How to count payroll taxes is a disputed subject. Many conservatives argue that since payroll taxes are dedicated to Medicare and Social Security, people who pay only payroll taxes are contributing to their retirements but not to the general operations of the government. The irony here is that FDR deliberately and explicitly introduced the payroll tax to accompany Social Security because it would encourage people to draw this false connection. In reality, the relationship between payroll taxes sent to Washington and Social Security benefits sent back is loose: Today’s beneficiaries get much more than they sent, and tomorrow’s will get less. (In the case of Medicare, there is no relationship.)
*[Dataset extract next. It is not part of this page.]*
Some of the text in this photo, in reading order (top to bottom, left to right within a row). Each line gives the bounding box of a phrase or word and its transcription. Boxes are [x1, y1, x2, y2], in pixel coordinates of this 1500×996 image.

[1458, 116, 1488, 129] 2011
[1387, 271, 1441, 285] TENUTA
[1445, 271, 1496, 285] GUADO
The point of the payroll tax, for FDR, was to ensure that “no damn politician” could ever take away the benefits because (to paraphrase conservative author William Voegeli) all the damn voters would think they had earned those benefits through their payroll taxes. All federal taxes go to the federal government, and all federal spending comes from it: The rest is accounting, and accounting tricks. People who pay payroll taxes are funding the federal government, and conservatives who deny it are falling for a trap FDR set for them.
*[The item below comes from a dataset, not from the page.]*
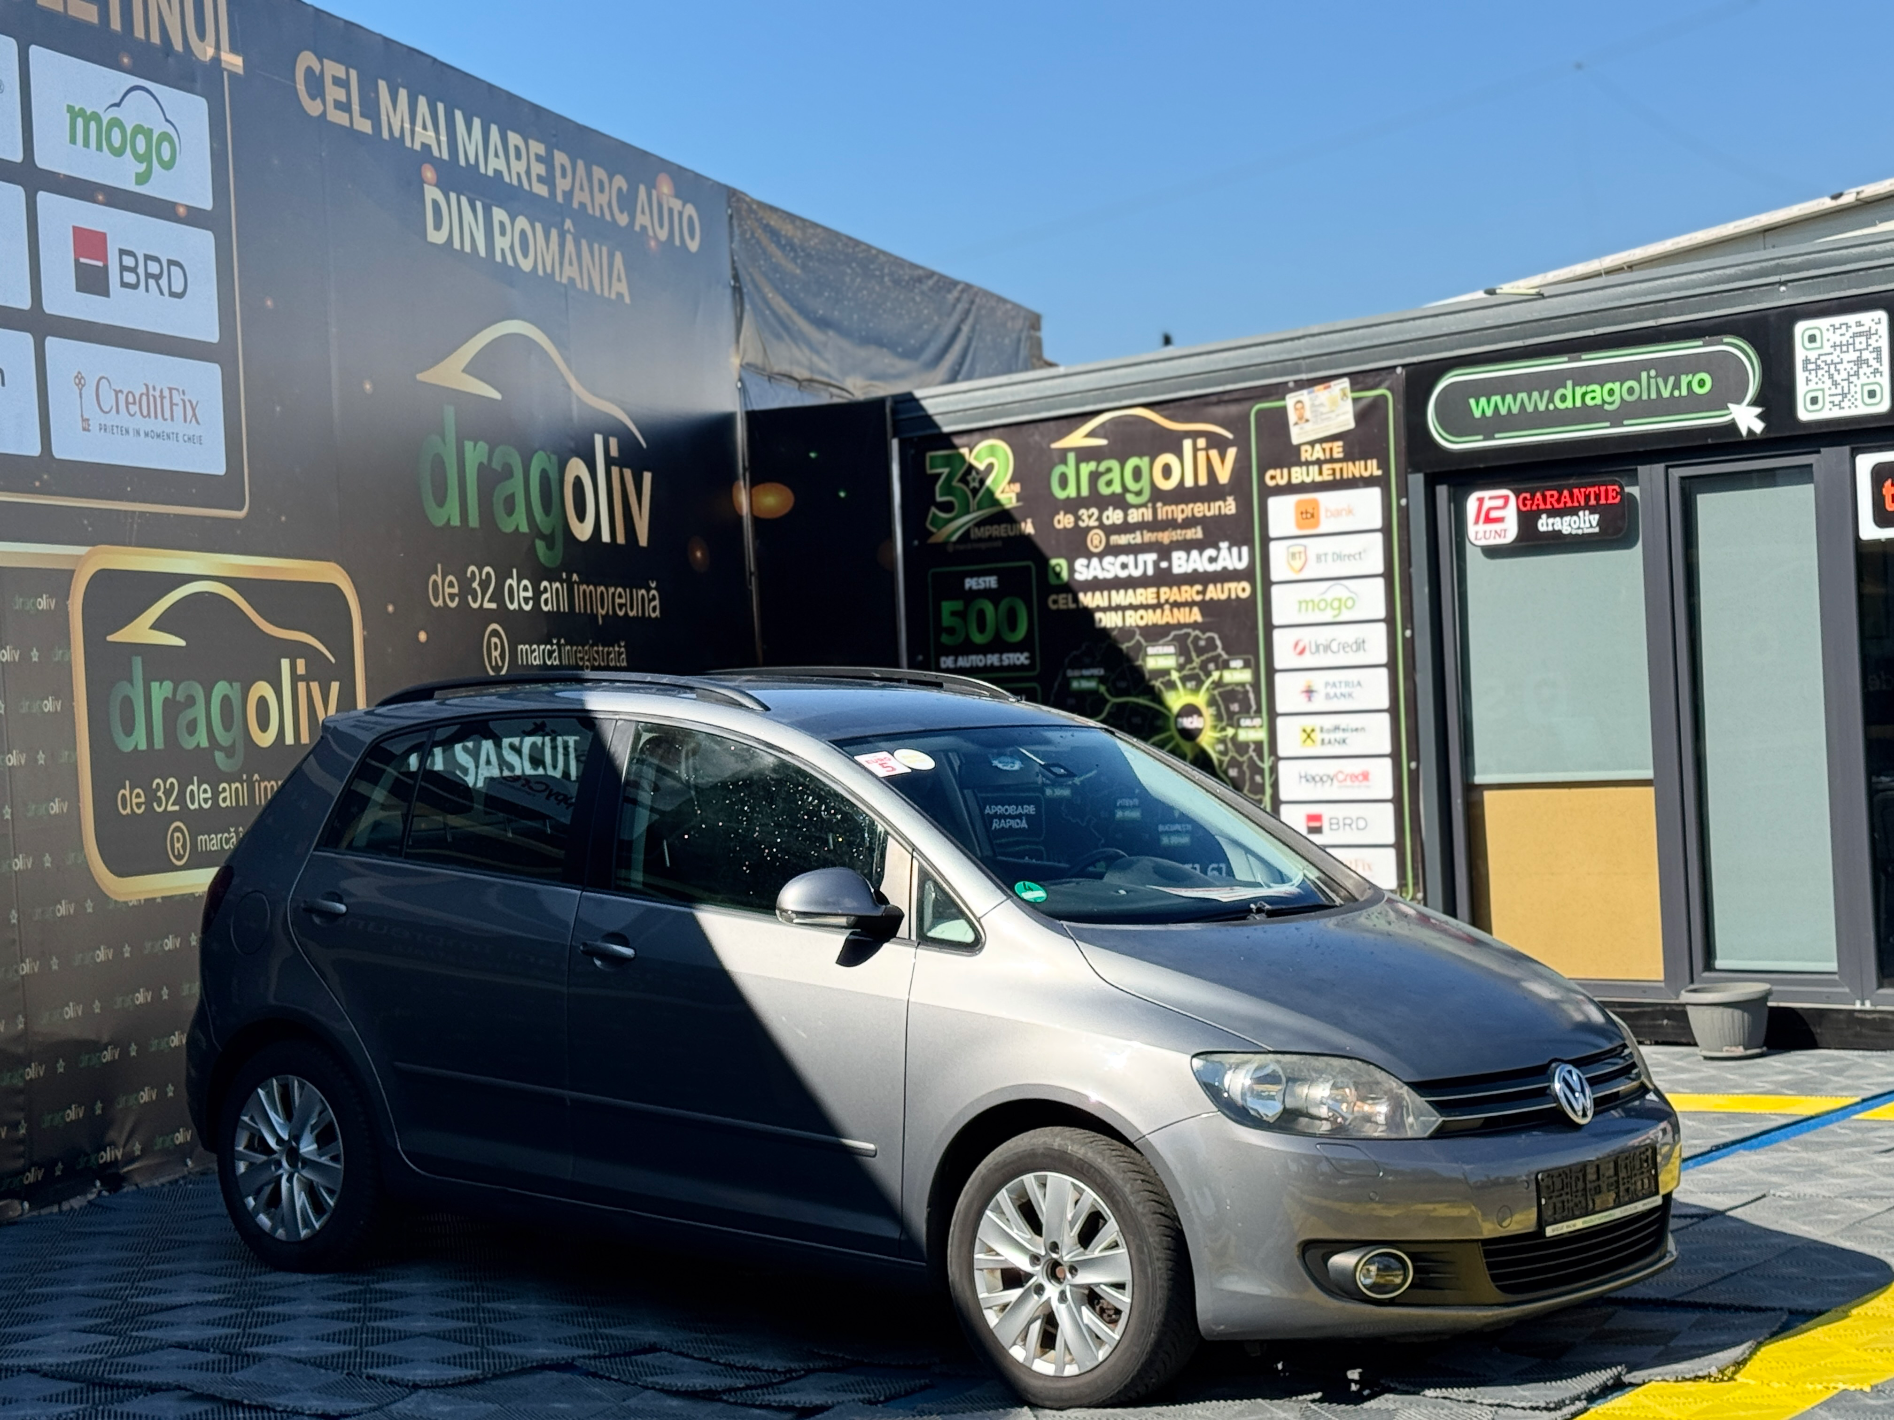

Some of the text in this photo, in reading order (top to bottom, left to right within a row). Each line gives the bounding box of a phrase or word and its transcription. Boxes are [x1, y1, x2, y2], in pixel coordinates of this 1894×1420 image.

It follows that the conservative hostility to “refundable” tax credits is mistaken. If a tax credit counts as a tax cut when it applies against income taxes, it counts as one when it applies against payroll taxes too. A particular credit may or may not represent sound policy, but that determination cannot turn on refundability.
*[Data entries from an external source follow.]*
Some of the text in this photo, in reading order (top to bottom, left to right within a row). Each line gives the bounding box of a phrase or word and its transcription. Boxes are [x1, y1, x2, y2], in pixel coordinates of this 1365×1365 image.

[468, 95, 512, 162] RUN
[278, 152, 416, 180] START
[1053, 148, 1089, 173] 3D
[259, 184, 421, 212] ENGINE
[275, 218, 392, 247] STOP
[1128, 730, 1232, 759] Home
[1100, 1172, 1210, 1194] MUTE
It matters how we treat payroll taxes because, while fewer people pay income tax than did so in the Seventies, the burden of the payroll tax has gotten heavier. Count both the payroll and income tax and there is no trend toward lighter federal taxes on the lower-middle class. The Tax Policy Center has estimated tax rates over time for families of four who make half the median income. People at that income level in 1955 paid 2 percent of their income to the federal government and faced a 2 percent marginal tax rate on their next dollar earned. People at that income level in 2005 paid the federal government 4.2 percent of their income and faced a marginal rate of 38.7 percent.